Entre « foutage de gueule » et contre-vérité, je ne sais pas par où commencer ! Vous pouvez raconter tout et n'importe quoi à tout et n'importe qui, mais pas à des personnes qui ont travaillé avec la grande distribution, dirigé une PME et négocié avec les enseignes : elles savent comment cela se passe.
Vous nous dites que la rémunération moyenne des agriculteurs se situe entre 1,2 et 1,3 SMIC, j'étudierai ces chiffres de très près. Mes collègues éleveurs bovin pour la viande seront ravis de toucher une telle rémunération ! Dois-je rappeler que les représentants d'Interbev nous ont indiqué hier que vous vous étiez abstenus sur la validation, au sein de l'interprofession, des indicateurs de coûts de production basés sur 2 SMIC – car c'est sans doute un scandale de toucher 2 SMIC lorsque l'on est éleveur et que l'on travaille 70 heures par semaine – ?
J'ai rencontré un certain nombre de producteurs de MDD, et – c'est amusant – ils ne tiennent pas du tout le même discours que vous. Ils nous ont expliqué que les distributeurs cherchaient à se rattraper sur le seuil de revente à perte (SRP) – et qu'ils se livraient entre eux à une guerre des prix sur les MDD, puisqu'ils ne peuvent plus le faire sur les marques. Les producteurs se retrouvent donc encore plus étranglés qu'avant.
S'agissant des négociations avec les organisations de producteurs, des producteurs de fraises m'ont alerté sur le fait que Carrefour leur demandait la même promotion que l'année précédente en expliquant que, forcé de prendre 10 % de baisse du SRP, il leur paierait leur production moins cher encore. Vous nous avez servi des propos de comm', mais la réalité est celle-ci : si les producteurs de fraises sont dans de telles difficultés, c'est que l'un de vos adhérents tente tout simplement de les étrangler et que ses concurrents, forcément, s'engouffrent dans la voie.

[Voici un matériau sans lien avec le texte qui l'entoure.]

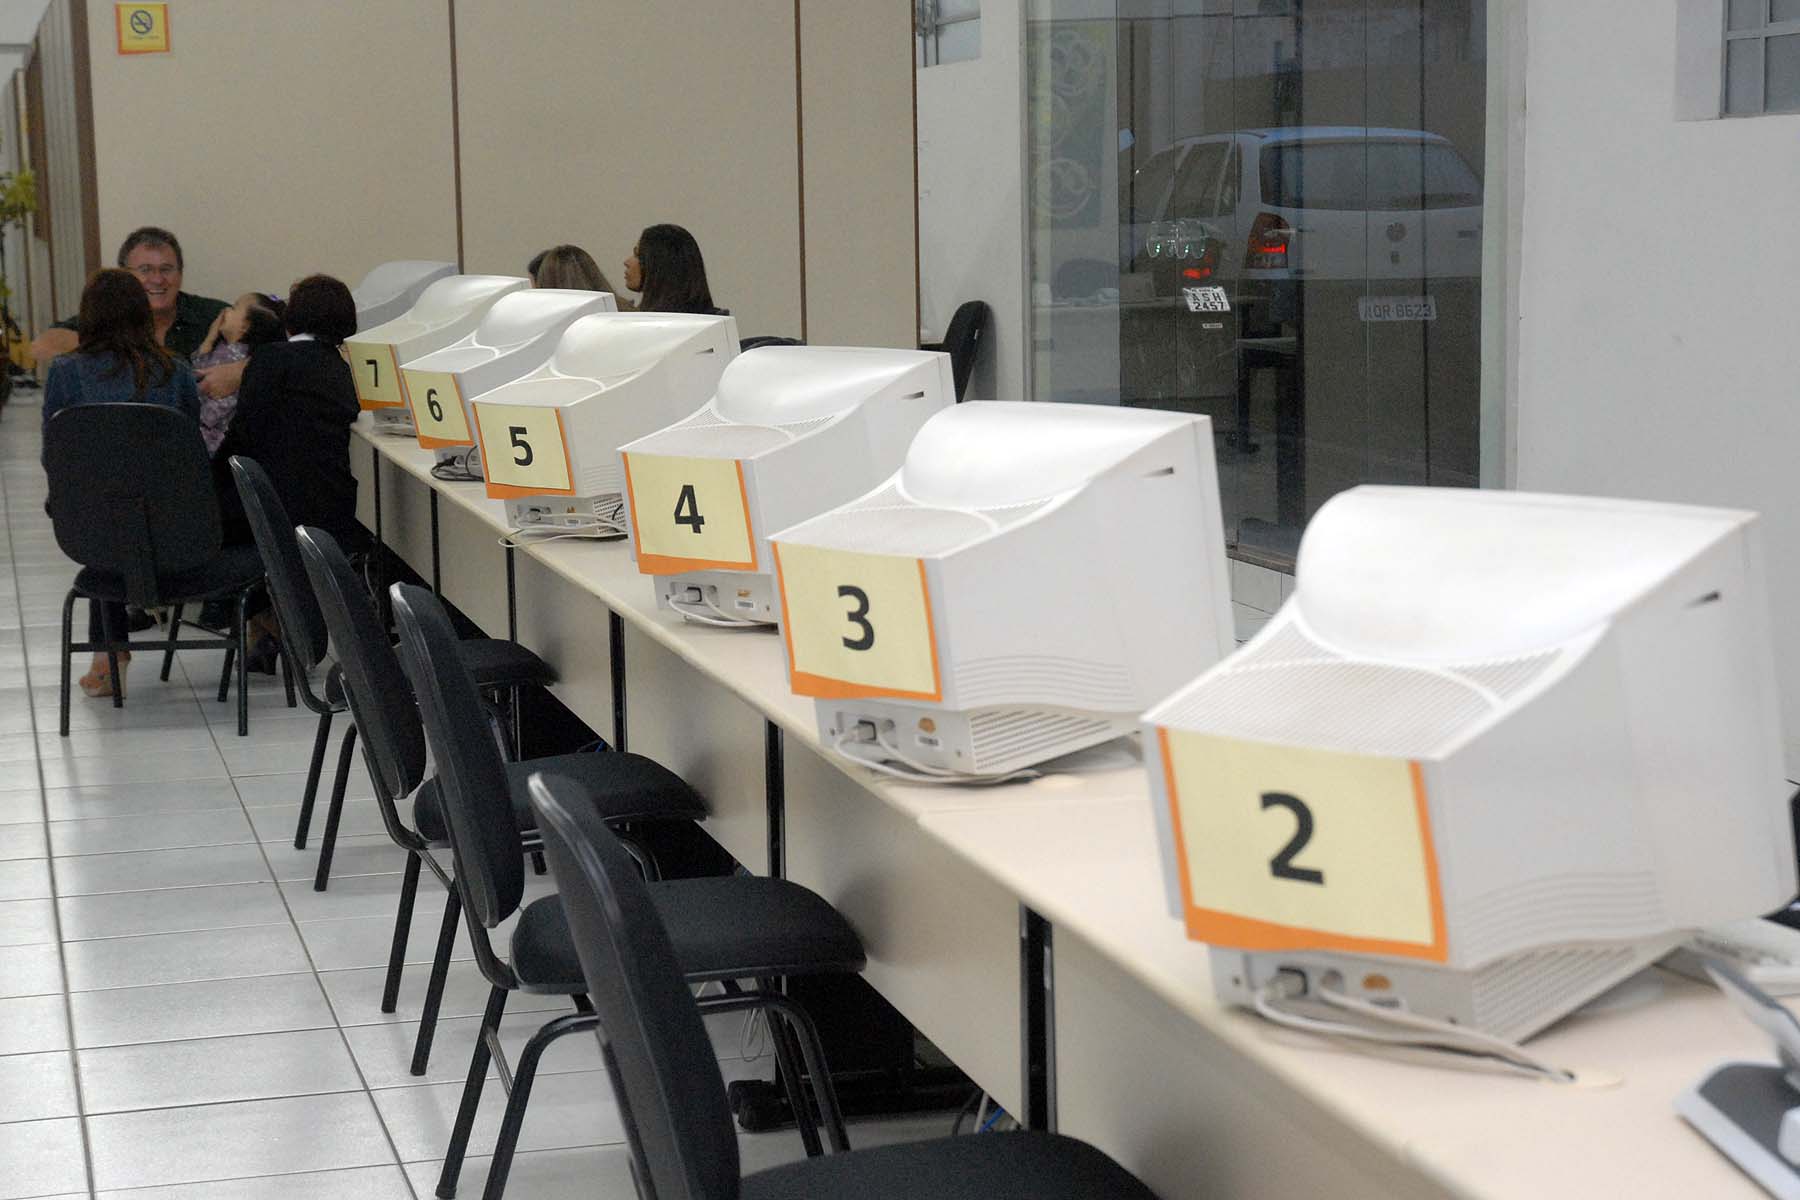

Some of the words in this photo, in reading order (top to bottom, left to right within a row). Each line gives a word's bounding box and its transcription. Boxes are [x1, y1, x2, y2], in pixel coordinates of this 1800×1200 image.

Vous parlez de la baisse du prix du porc, sans mentionner – est-ce étonnant ? – la hausse récente des cours. Pendant plusieurs mois, vos adhérents se sont opposés à négocier une augmentation, alors que le prix du porc était tiré à la hausse par les exportations. Mais la situation était difficilement tenable et les choses commencent à bouger.
Certes, il y a peu de déréférencement réel, mais les enseignes font planer une menace permanente au-dessus de la tête de leurs fournisseurs, notamment les PME, qui finissent par céder. C'est normal, elles sont beaucoup à travailler à 60 % pour vous, la limite fixée par la loi.
Quant à vos marges arrière, qui soi-disant n'existent plus, j'ai vu les factures pour « Promotion » ou « Participation aux outils promotionnels ». Ce sont des marges arrière reconstituées et si les PME refusent, elles sont déréférencées l'année d'après. Là encore, et pardonnez mon énervement, c'est du foutage de gueule !
Dois-je parler aussi des cahiers des charges, que vous modifiez à l'envi, soi-disant pour répondre aux désirs du consommateur – que les enseignes créent en réalité ? Vous demandez par exemple un type de viande qui n'existe pas et qui est très compliqué à produire, pour l'unique raison qu'il est beaucoup moins cher à l'achat et que vous voulez augmenter vos marges.
Quant aux nombres d'emplois créés par la grande distribution, il serait fort intéressant de mesurer, en nombre d'emplois supprimés, le coût de la désertification des centres bourgs dans les zones rurales.
Enfin, on sait que les grandes difficultés auxquelles font face les groupes Auchan et Carrefour tiennent au fait que le modèle des hypermarchés, sur lequel ils reposent, est en bout de course, concurrencé par la vente en ligne des produits non alimentaires. Mais ce n'est pas à la production et aux agriculteurs de payer les erreurs de gestion ! Je ne parlerai pas d'Auchan qui a incité au départ volontaire ses responsables boucherie pour alléger sa masse salariale et qui a vu le chiffre d'affaires de ce rayon s'effondrer : il est inutile d'entrer dans le détail de la gestion des entreprises.
Je crois en avoir oublié, mais c'est là l'essentiel de mes remarques.